Refinance business continues to pick up

by Justin da Rosa20 Aug 2015
Refinances continue to gobble up a larger share of the market as rates continue to fall.

"Concerns about the Chinese economy pushed interest rates down last week, resulting in a two basis point decline in 30 year fixed interest rate, bringing the rate down to its lowest since May 2015," Lynn Fisher, MBA's vice president of research and economics said in a release. "The pick-up in refinance activity was led by larger loan sizes on average, as continued investor interest drove jumbo interest rates down even further, by five basis points."

The refinance market share increased to 55.5% for the week ending August 14, according to the Mortgage Bankers Association’s most recent survey. It’s a significant increase, week-over-week, over the prior mark of 53.1%.

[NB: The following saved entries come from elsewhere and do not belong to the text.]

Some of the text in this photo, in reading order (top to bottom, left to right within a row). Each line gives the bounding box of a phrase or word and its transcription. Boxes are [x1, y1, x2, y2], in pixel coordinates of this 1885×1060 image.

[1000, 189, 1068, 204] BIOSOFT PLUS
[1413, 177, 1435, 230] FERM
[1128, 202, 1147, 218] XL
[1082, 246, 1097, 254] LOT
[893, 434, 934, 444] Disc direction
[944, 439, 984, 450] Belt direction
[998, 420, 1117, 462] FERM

It’s not an unexpected trend, with mortgage originators predicting Americans will continue to refinance while rates are low.

“Buyers need to have a reason to refinance and these low rates are reason enough,” Paul Deschaine of Maine Home Mortgage told Mortgage Professional America, noting that choosing to refinance is a much-less cumbersome process compared to selling or buying a house.

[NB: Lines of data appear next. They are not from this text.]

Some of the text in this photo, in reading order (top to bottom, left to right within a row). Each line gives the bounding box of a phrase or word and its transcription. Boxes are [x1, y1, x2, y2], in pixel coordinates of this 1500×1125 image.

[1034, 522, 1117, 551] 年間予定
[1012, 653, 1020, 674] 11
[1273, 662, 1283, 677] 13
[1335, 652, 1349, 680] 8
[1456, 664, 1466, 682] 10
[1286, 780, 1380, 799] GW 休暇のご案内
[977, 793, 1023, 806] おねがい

Conversely, the level of refis are also more immediately influenced by a rise in rates, with homeowners quicker to hold off on those transactions.

However, following last week’s uptick in refis, one player argued that segment of business may currently be at its peak.

“I wouldn’t expect refinances to be too strong in the future,” Ron Bowden of Associated Bank told Mortgage Professionals America at the time. “When rates go up there will more-than-likely be declines in refinances.”

New origination business, meanwhile, continues to benefit from low rates as well.  Mortgage loan application volume increased 3.6% week-over-week.

And rates continue to fall.

The average contract for 30-year fixed-rate mortgage with jumbo balances decreased to 4.03%. FHA-backed 30-year fixed rates fell to 3.94%.